:: Action item ::
The records must be duplicated exactly, with every picture left out.

'''

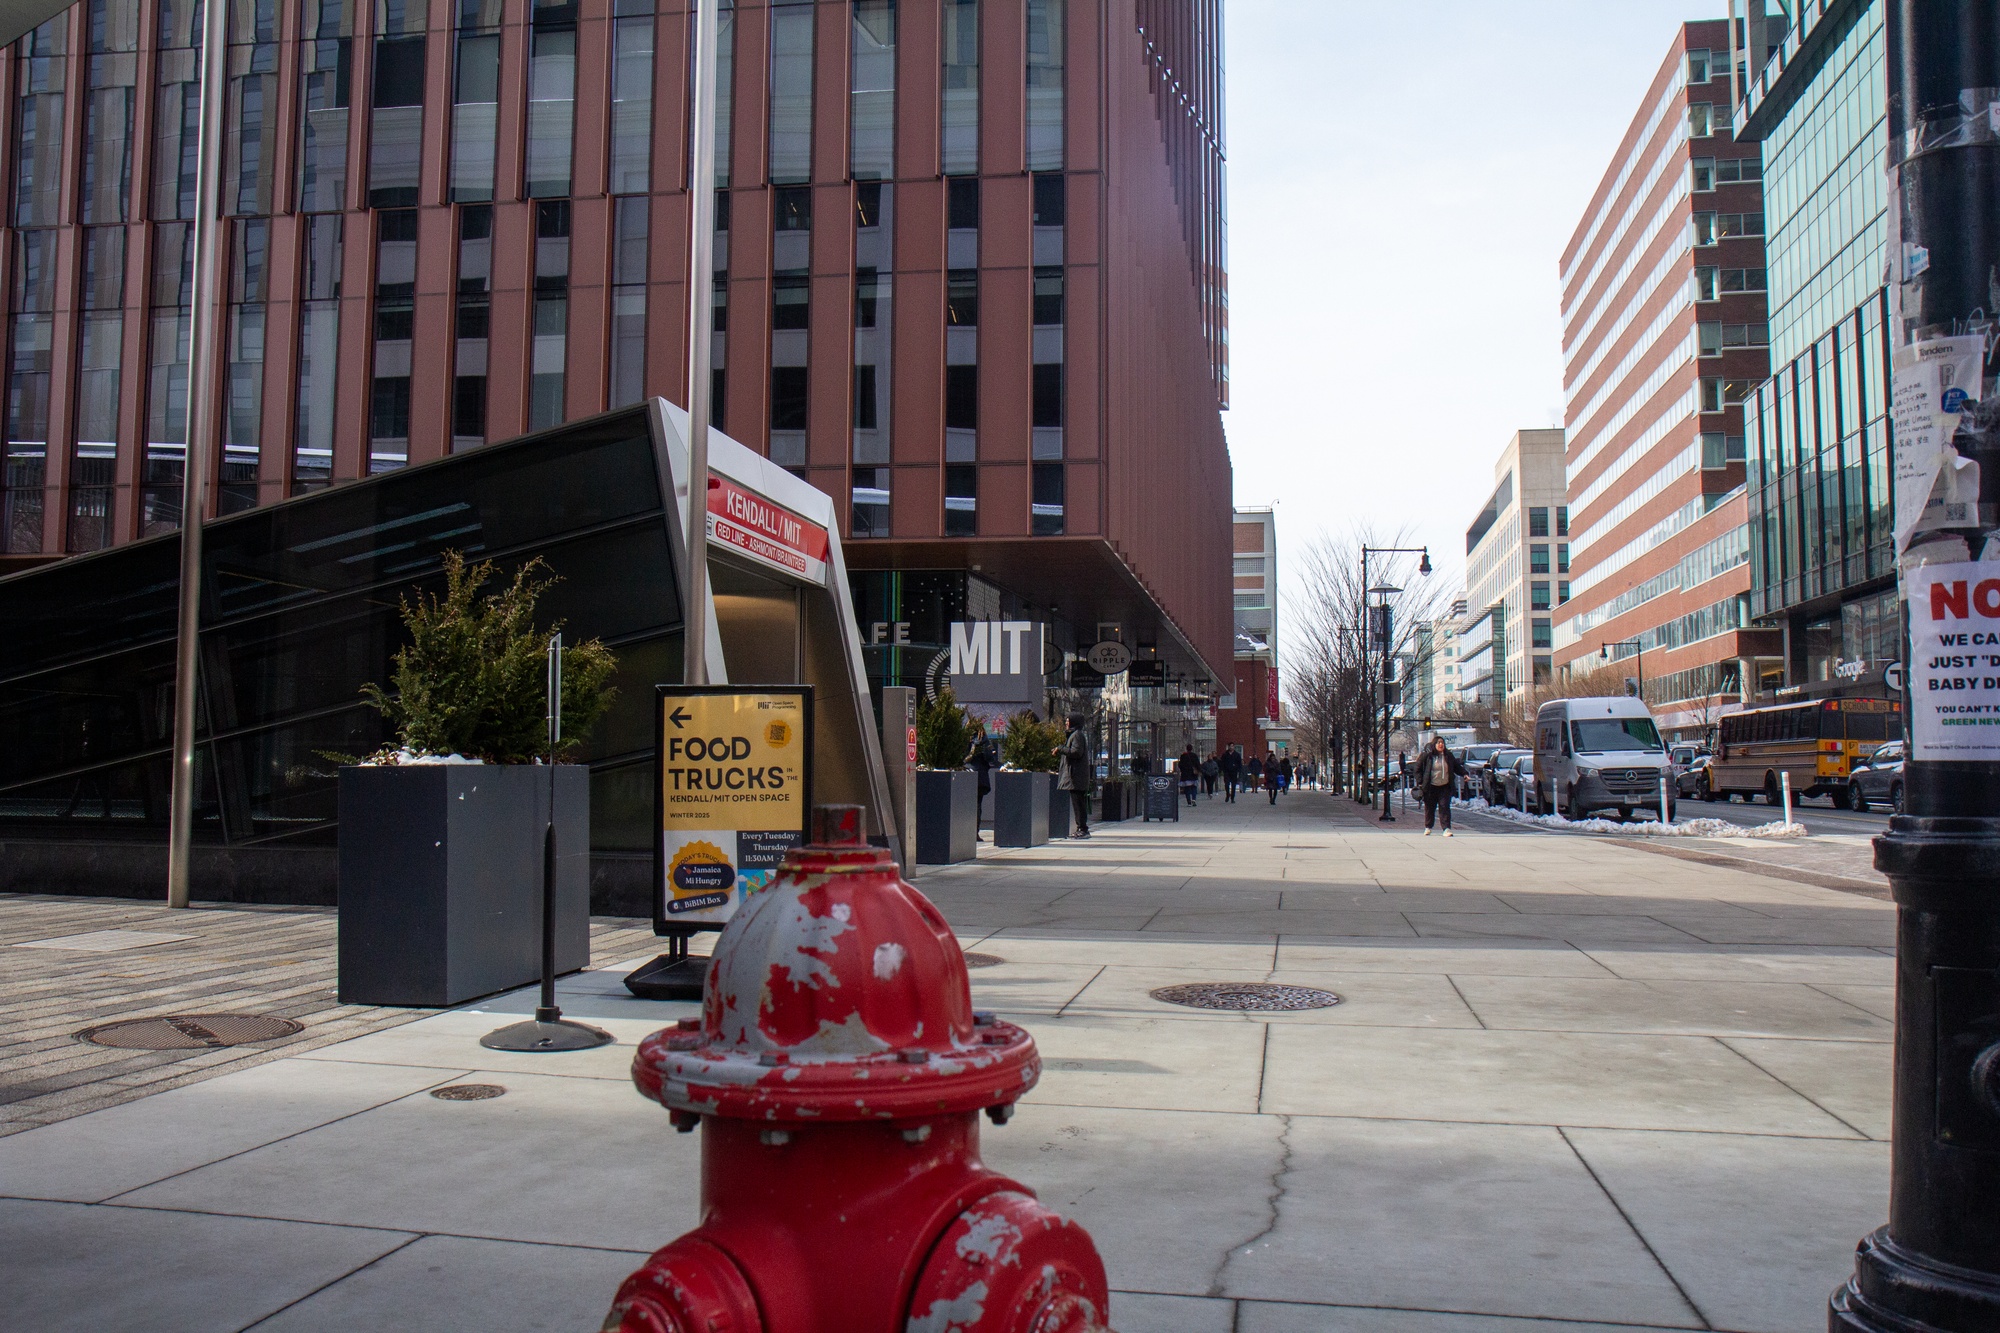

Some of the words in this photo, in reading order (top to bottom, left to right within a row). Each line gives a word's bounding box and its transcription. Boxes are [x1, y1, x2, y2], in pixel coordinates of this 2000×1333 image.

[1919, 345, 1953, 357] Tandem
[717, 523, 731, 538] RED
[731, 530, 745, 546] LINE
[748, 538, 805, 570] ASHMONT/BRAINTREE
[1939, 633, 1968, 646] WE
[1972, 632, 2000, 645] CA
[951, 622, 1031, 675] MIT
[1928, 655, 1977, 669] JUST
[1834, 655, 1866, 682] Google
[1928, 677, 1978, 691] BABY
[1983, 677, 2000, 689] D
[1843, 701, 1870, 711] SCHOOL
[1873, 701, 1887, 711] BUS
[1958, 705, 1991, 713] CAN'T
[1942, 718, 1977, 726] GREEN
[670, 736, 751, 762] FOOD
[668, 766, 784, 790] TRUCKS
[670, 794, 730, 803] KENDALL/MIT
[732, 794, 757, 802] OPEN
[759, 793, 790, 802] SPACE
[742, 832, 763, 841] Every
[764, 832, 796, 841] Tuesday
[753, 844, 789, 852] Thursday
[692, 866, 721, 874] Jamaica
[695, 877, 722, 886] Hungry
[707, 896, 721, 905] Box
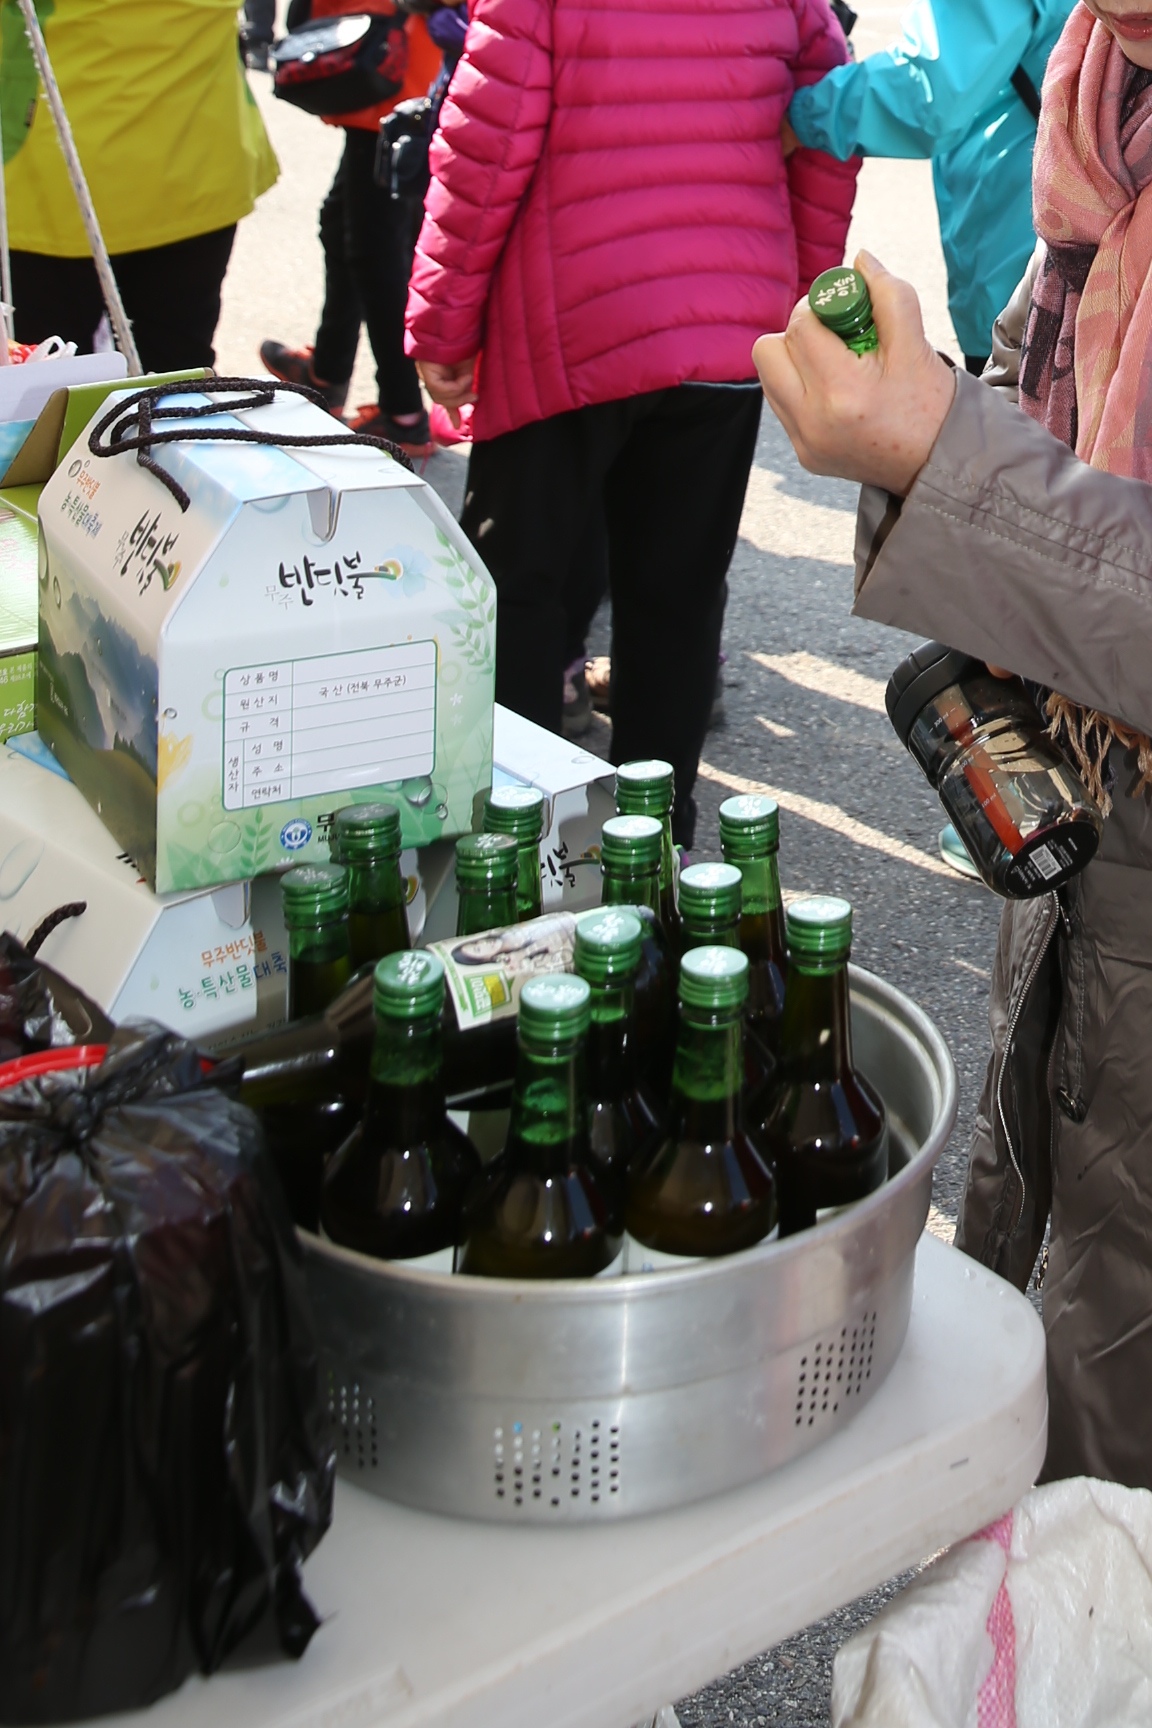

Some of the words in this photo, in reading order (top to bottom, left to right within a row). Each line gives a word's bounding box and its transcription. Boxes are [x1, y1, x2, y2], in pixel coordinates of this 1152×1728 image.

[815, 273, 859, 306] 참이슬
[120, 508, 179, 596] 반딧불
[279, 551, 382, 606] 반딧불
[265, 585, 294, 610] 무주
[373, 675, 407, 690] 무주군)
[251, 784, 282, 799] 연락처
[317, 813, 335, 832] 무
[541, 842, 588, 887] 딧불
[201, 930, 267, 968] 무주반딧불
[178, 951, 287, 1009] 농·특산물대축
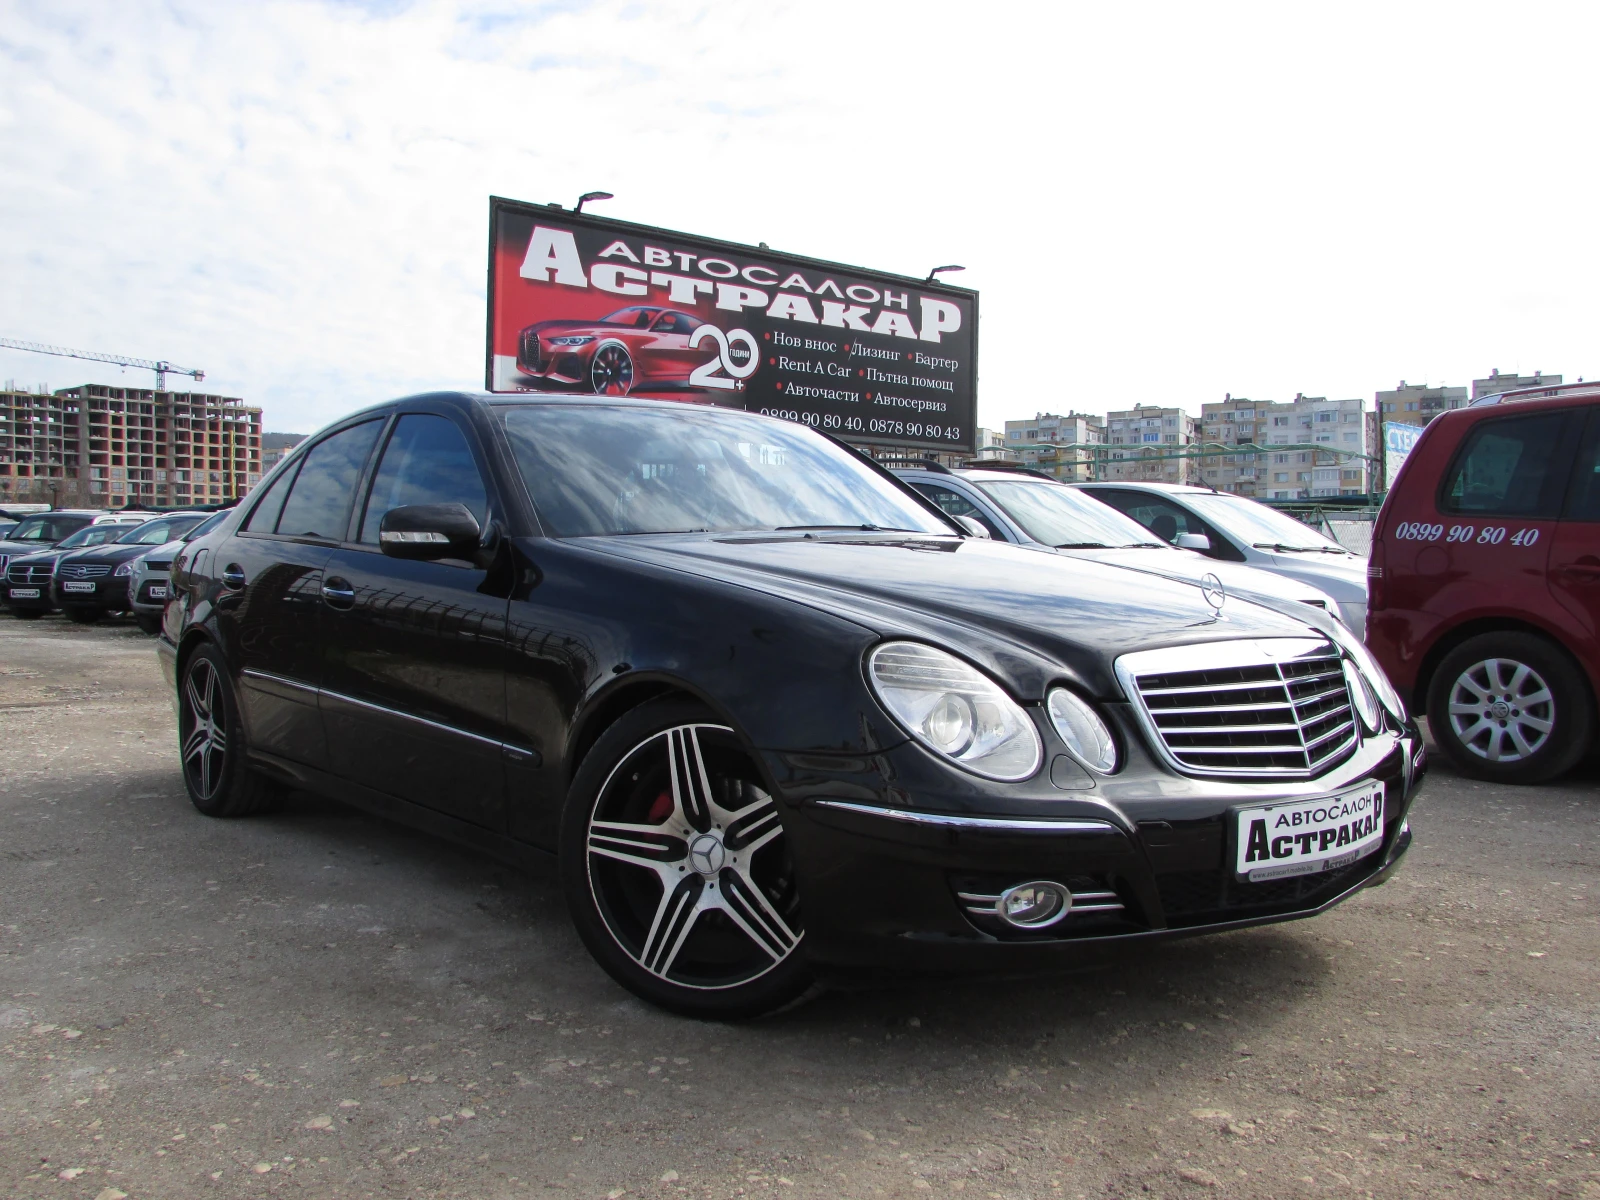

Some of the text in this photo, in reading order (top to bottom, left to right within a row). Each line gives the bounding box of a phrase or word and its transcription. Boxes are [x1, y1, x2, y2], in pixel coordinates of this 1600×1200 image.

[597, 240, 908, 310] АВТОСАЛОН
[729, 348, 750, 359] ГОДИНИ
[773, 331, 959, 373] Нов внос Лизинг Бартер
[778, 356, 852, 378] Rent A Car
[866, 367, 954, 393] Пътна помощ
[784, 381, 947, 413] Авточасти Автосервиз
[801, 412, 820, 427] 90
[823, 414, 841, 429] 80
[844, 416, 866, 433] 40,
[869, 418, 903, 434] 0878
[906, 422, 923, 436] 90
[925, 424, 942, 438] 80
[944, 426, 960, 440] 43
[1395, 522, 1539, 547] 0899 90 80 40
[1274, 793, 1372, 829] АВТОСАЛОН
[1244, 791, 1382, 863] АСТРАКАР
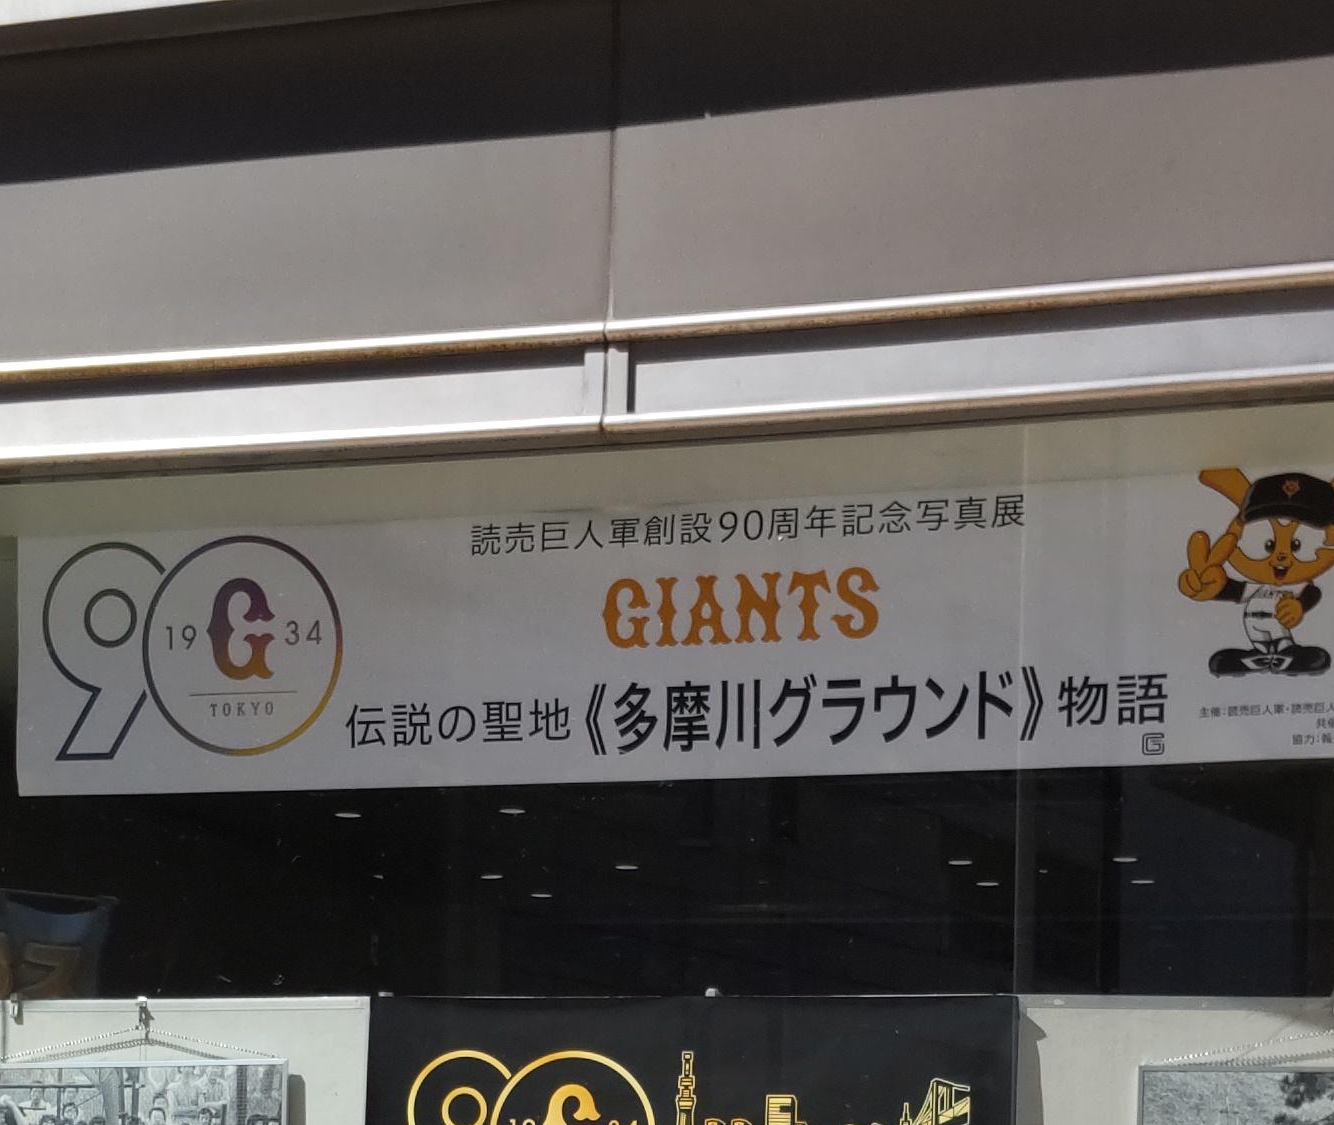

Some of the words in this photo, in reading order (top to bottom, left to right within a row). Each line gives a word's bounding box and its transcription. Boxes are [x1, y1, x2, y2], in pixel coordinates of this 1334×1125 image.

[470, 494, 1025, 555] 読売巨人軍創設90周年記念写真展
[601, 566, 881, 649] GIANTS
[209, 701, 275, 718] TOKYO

'''

:: Written answer ::
Some of the words in this photo, in reading order (top to bottom, left to right within a row). Each line gives a word's bounding box and its transcription. Boxes are [x1, y1, x2, y2], in pixel coordinates of this 2000×1333 image.

[1919, 345, 1953, 357] Tandem
[717, 523, 731, 538] RED
[731, 530, 745, 546] LINE
[748, 538, 805, 570] ASHMONT/BRAINTREE
[1939, 633, 1968, 646] WE
[1972, 632, 2000, 645] CA
[951, 622, 1031, 675] MIT
[1928, 655, 1977, 669] JUST
[1834, 655, 1866, 682] Google
[1928, 677, 1978, 691] BABY
[1983, 677, 2000, 689] D
[1843, 701, 1870, 711] SCHOOL
[1873, 701, 1887, 711] BUS
[1958, 705, 1991, 713] CAN'T
[1942, 718, 1977, 726] GREEN
[670, 736, 751, 762] FOOD
[668, 766, 784, 790] TRUCKS
[670, 794, 730, 803] KENDALL/MIT
[732, 794, 757, 802] OPEN
[759, 793, 790, 802] SPACE
[742, 832, 763, 841] Every
[764, 832, 796, 841] Tuesday
[753, 844, 789, 852] Thursday
[692, 866, 721, 874] Jamaica
[695, 877, 722, 886] Hungry
[707, 896, 721, 905] Box

Some of the words in this photo, in reading order (top to bottom, left to right within a row). Each line gives a word's bounding box and its transcription. Boxes are [x1, y1, x2, y2], in pixel coordinates of this 1152×1728 image.

[815, 273, 859, 306] 참이슬
[120, 508, 179, 596] 반딧불
[279, 551, 382, 606] 반딧불
[265, 585, 294, 610] 무주
[373, 675, 407, 690] 무주군)
[251, 784, 282, 799] 연락처
[317, 813, 335, 832] 무
[541, 842, 588, 887] 딧불
[201, 930, 267, 968] 무주반딧불
[178, 951, 287, 1009] 농·특산물대축

Some of the text in this photo, in reading order (top to bottom, left to right within a row). Each line gives the bounding box of a phrase or word and its transcription. Boxes are [x1, y1, x2, y2], in pixel coordinates of this 1600×1200 image.

[597, 240, 908, 310] АВТОСАЛОН
[729, 348, 750, 359] ГОДИНИ
[773, 331, 959, 373] Нов внос Лизинг Бартер
[778, 356, 852, 378] Rent A Car
[866, 367, 954, 393] Пътна помощ
[784, 381, 947, 413] Авточасти Автосервиз
[801, 412, 820, 427] 90
[823, 414, 841, 429] 80
[844, 416, 866, 433] 40,
[869, 418, 903, 434] 0878
[906, 422, 923, 436] 90
[925, 424, 942, 438] 80
[944, 426, 960, 440] 43
[1395, 522, 1539, 547] 0899 90 80 40
[1274, 793, 1372, 829] АВТОСАЛОН
[1244, 791, 1382, 863] АСТРАКАР

Some of the words in this photo, in reading order (top to bottom, left to right within a row). Each line gives a word's bounding box and its transcription. Boxes are [x1, y1, x2, y2], in pixel coordinates of this 1334×1125 image.

[470, 494, 1025, 555] 読売巨人軍創設90周年記念写真展
[601, 566, 881, 649] GIANTS
[209, 701, 275, 718] TOKYO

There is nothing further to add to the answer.